The whole trick of the peasant railgun, cool as it is, is that you frame-shift between the technical artifact of how to procedurally handle the actions that all happen at the same time in a combat round with constructs like Reactions, and the physics of how things work in the real world.

What would happen is that you had your long row of peasants, all passing on the pole as their Reaction, and at the end the last peasant would receive the pole. But there is no acceleration of the pole due to this, as the rules do not support that. You would have a peasant with a 10-foot pole. He could throw it as an improvised weapon, making an attack roll with his normal Strength bonus.

As per the Improvised Weapon rules (PHB, p.147):

An object that bears no resemblance to a weapon deals 1d4 damage (the GM assigns a damage type appropriate to the object). If a character (...) throws a melee weapon that does not have the thrown property, it also deals 1d4 damage. An improvised thrown weapon has a normal range of 20 feet and a Long Range of 60 feet.
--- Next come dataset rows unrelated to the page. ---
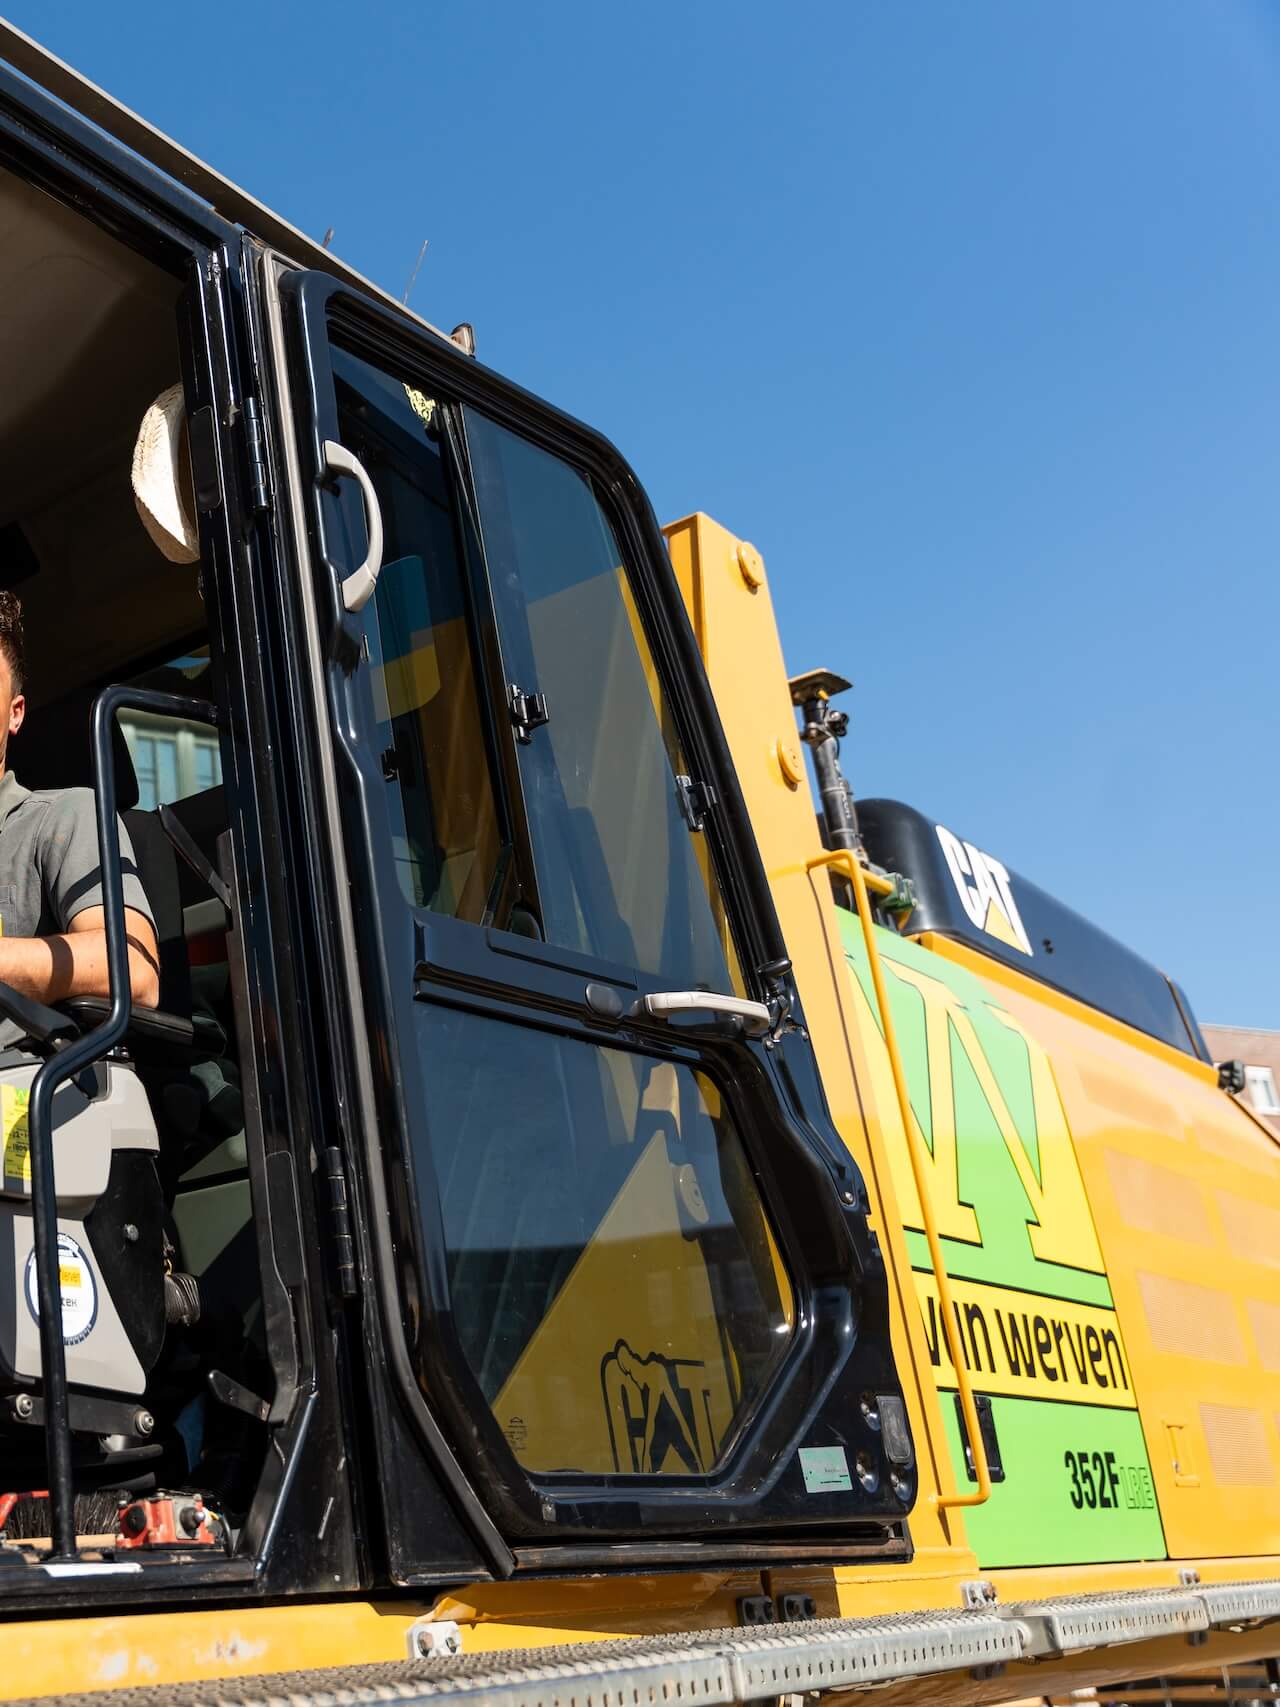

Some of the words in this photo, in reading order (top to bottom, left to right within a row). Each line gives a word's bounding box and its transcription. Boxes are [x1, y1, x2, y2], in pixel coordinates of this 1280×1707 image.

[935, 825, 1034, 957] CAT
[994, 1309, 1128, 1390] werven
[1064, 1450, 1120, 1509] 352F
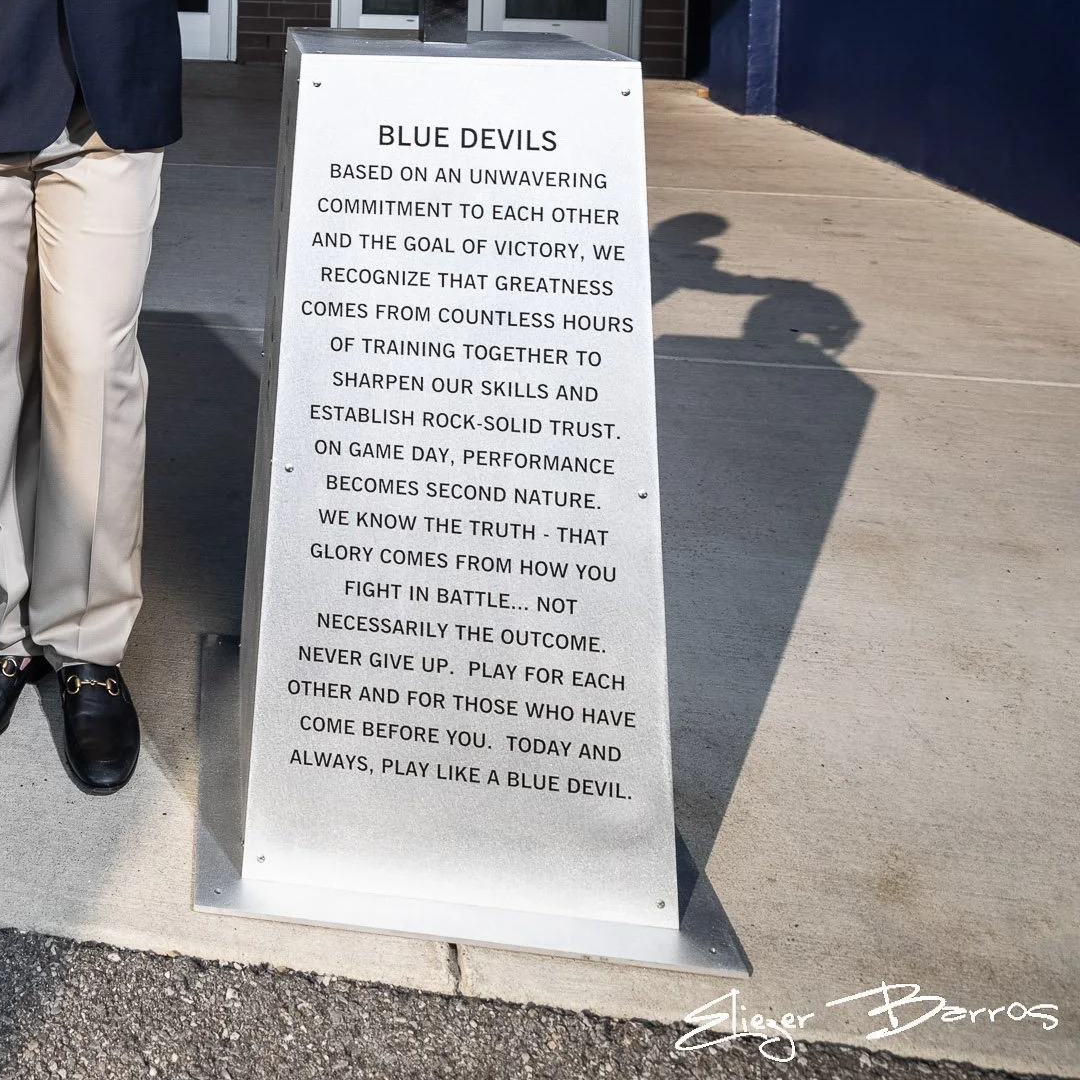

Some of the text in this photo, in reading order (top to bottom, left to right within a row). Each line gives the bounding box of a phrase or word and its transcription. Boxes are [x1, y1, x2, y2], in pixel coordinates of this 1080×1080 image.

[379, 124, 557, 152] BLUE DEVILS
[330, 163, 607, 190] BASED ON AN UNWAVERING
[317, 197, 620, 226] COMMITMENT TO EACH OTHER
[311, 231, 626, 262] AND THE GOAL OF VICTORY, WE
[321, 266, 614, 297] RECOGNIZE THAT GREATNESS
[301, 300, 634, 334] COMES FROM COUNTLESS HOURS
[330, 336, 602, 367] OF TRAINING TOGETHER TO
[332, 371, 599, 403] SHARPEN OUR SKILLS AND
[310, 404, 621, 440] ESTABLISH ROCK-SOLID TRUST.
[314, 439, 615, 476] ON GAME DAY, PERFORMANCE
[326, 474, 601, 510] BECOMES SECOND NATURE.
[318, 508, 350, 526] WE
[356, 511, 417, 531] KNOW
[423, 516, 463, 535] THE
[468, 519, 536, 541] TRUTH
[556, 526, 609, 546] THAT
[310, 542, 616, 583] GLORY COMES FROM HOW YOU
[344, 579, 578, 615] FIGHT IN BATTLE... NOT
[317, 612, 606, 654] NECESSARILY THE OUTCOME.
[298, 645, 625, 692] NEVER GIVE UP. PLAY FOR EACH
[287, 679, 637, 729] OTHER AND FOR THOSE WHO HAVE
[299, 715, 622, 762] COME BEFORE YOU. TODAY AND
[289, 748, 632, 800] ALWAYS, PLAY LIKE A BLUE DEVIL.
D&D is not a physics simulation. If you exploit the approximation of reality the rules provide in the first part of your railgun, you need to stick to it through the end.

P.S. Transporting and throwing a dwarf with a bag of holding would not work for two reasons at least: in addition to the reason above, removing the dwarf from the bag takes a full action. A peasant would not be able to both remove the dwarf and throw the dwarf (an attack, also an action) in the same round.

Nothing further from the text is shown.